Low Correlation — and Why It Matters in 2025
Over its 16-year history, Bitcoin has maintained low or even negative correlation with major equity, bond, and commodity indices, averaging around zero against benchmarks like the S&P 500, US Aggregate Bond Index, and gold. That correlation has occasionally spiked during liquidity crises — as in March 2020 — but tends to revert to low levels as macro conditions normalise. This profile makes Bitcoin one of the few assets capable of providing genuine diversification in a world where many “uncorrelated” assets have converged under global liquidity cycles. From an institutional perspective, this is not about chasing speculative gains; it is about creating optionality in portfolios that are otherwise vulnerable to synchronous drawdowns.
Market Size — Why the Growth Curve Is Still Intact
With a $1.6 trillion market capitalisation, Bitcoin remains far smaller than the gold market ($21.8 trillion) or US equities ($60 trillion). Even a partial reallocation of gold reserves or sovereign wealth assets into Bitcoin would represent a structural re-rating of its value. Institutional adoption is already accelerating. Major custodians such as BNY Mellon and Deutsche Bank have launched digital asset services. Asset managers like BlackRock and Fidelity have brought Bitcoin products to market. Sovereign entities — from Abu Dhabi’s wealth funds to state treasuries in the US — are testing exposure. This institutional shift is not speculative hype. It is a build-out of the rails and governance structures needed for large-scale capital to participate without operational or compliance risk.
The 223 Advisory View — Integration, Not Speculation
At 223 Advisory, we counsel clients to approach Bitcoin neither as a trading token nor as a maximalist bet. Instead, it should be treated as a strategic, non-sovereign reserve asset integrated into portfolio architecture with clear governance. That integration process involves:
- Infrastructure First – Secure, regulated custody; counterparty risk assessment; operational due diligence.
- Sizing Discipline – Begin with an allocation that meaningfully impacts diversification metrics without introducing excessive volatility.
- Policy Alignment – Ensure internal investment policy statements explicitly address digital assets, rebalancing triggers, and compliance requirements.
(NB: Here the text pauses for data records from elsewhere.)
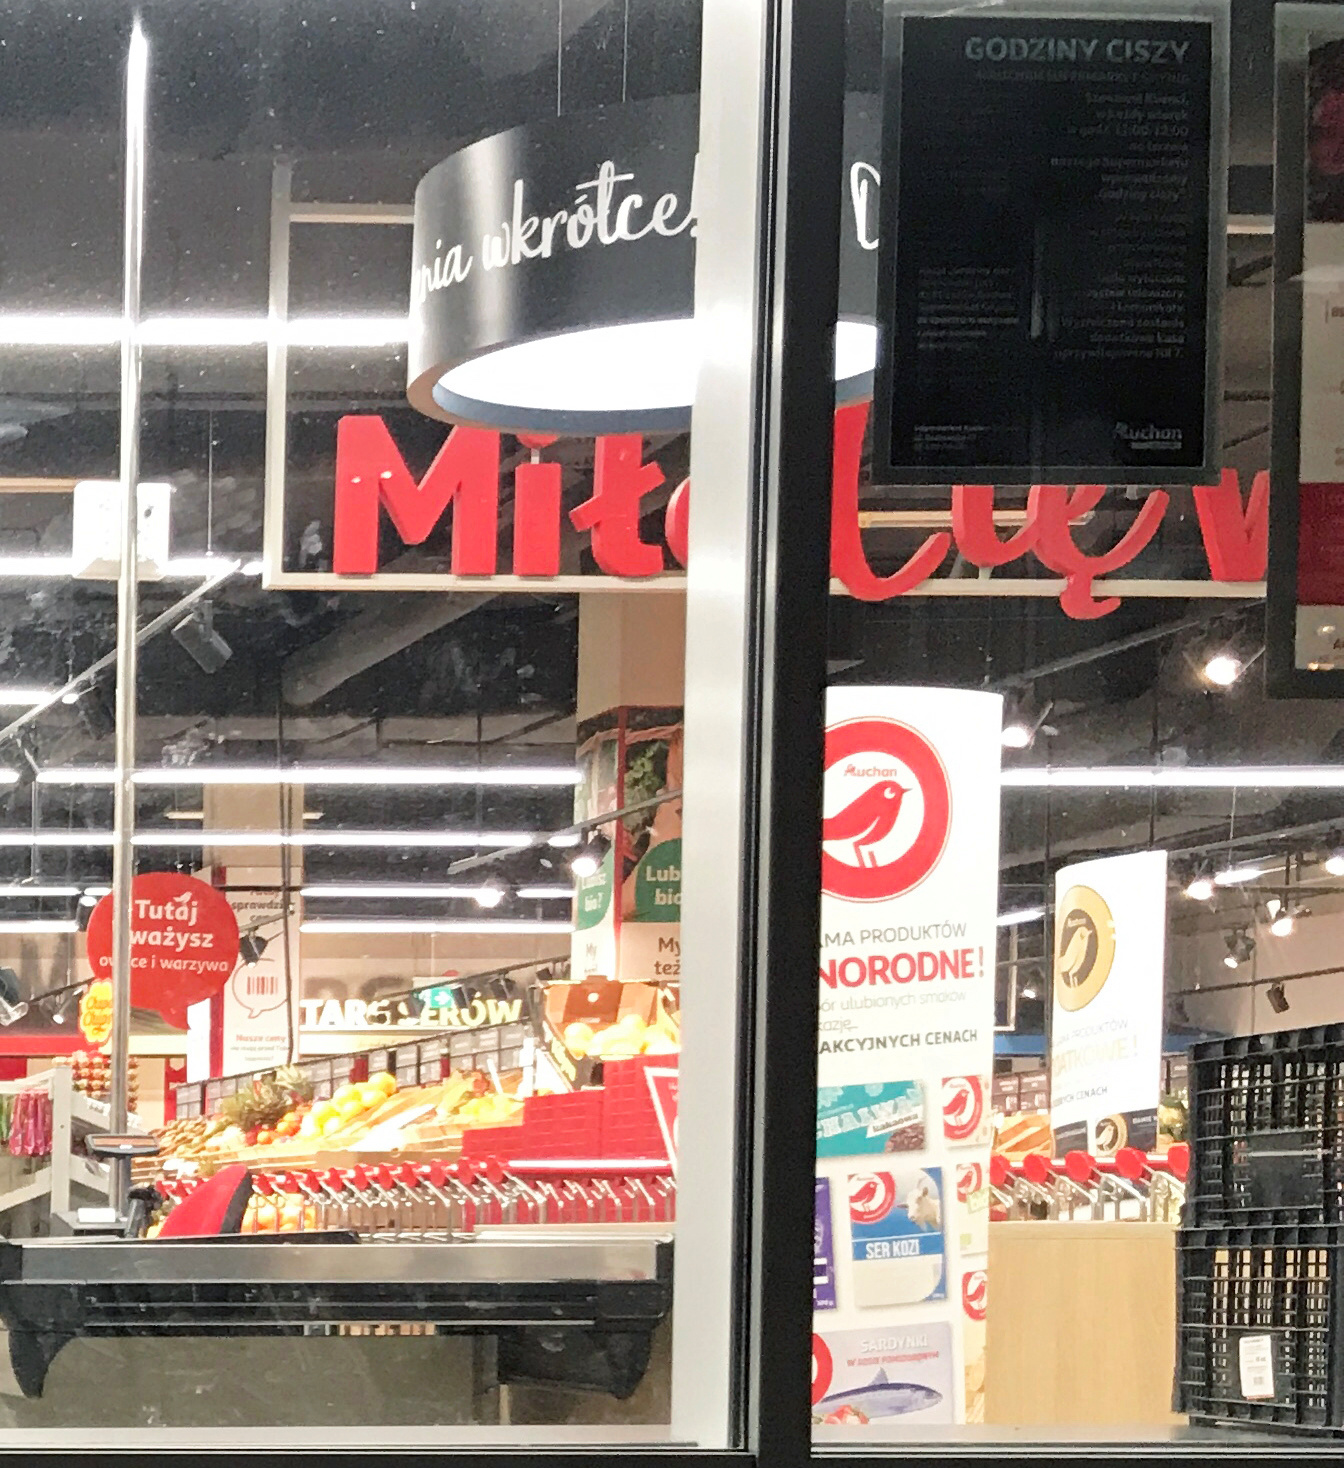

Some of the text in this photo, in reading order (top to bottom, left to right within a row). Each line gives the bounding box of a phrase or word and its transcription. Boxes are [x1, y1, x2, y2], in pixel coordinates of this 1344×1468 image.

[965, 37, 1191, 65] GODZINY CISZY
[334, 413, 689, 578] Mił
[844, 763, 897, 778] Auchan
[646, 866, 680, 882] Lub
[135, 894, 199, 926] Tutaj
[130, 926, 214, 952] ważysz
[819, 920, 968, 949] MA PRODUKTÓW
[99, 954, 230, 974] oce i warzywa
[818, 945, 985, 989] NORODNE!
[818, 999, 836, 1013] ór
[840, 994, 916, 1011] ulubionych
[819, 1029, 978, 1055] AKCYJNYCH CENACH
[866, 1238, 920, 1259] SER KOZI
[861, 1334, 928, 1354] SARDYNKI
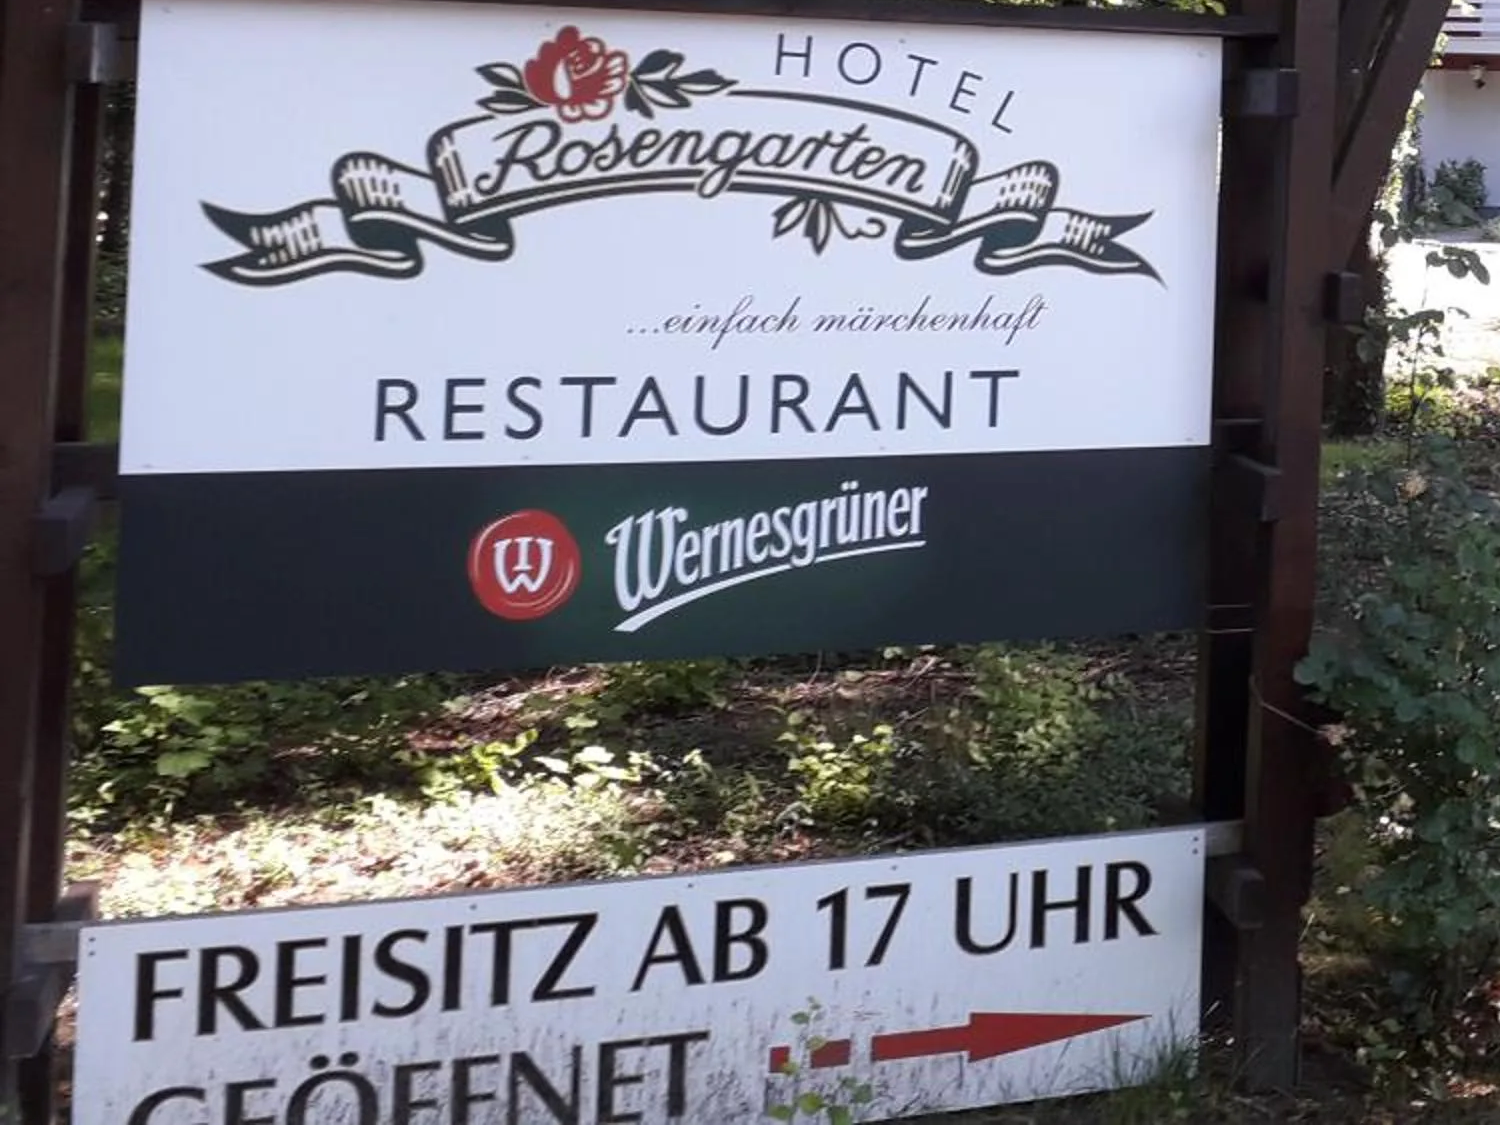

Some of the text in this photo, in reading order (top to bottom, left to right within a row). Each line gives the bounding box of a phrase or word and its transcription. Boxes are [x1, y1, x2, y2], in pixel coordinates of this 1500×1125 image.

- Long-Term Thesis – View the position through a five-to-ten-year horizon, where compounding adoption and network effects matter more than short-term price swings.
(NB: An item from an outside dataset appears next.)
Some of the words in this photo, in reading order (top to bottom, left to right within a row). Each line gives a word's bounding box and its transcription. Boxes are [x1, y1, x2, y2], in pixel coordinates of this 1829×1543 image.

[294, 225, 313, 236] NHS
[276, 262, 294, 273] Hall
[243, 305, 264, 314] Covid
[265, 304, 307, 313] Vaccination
- This is not about timing a cycle; it is about positioning ahead of a structural shift in how value is stored, transferred, and verified globally.
Final Thought — The Cost of Delay
In the early 2000s, institutional investors debated whether to integrate emerging markets into their core portfolios. Many waited for “more data” and missed a decade of outsized returns. Bitcoin is at a similar inflection point today. For allocators willing to take a disciplined, infrastructure-led approach, Bitcoin offers an asymmetric proposition: capped downside via sizing and risk controls, with potentially exponential upside as adoption broadens. The greater risk, in our view, is inertia. In an environment where traditional hedges are under pressure and macro stability is far from assured, ignoring a globally liquid, non-sovereign, fixed-supply asset is no longer a neutral position — it is an active choice.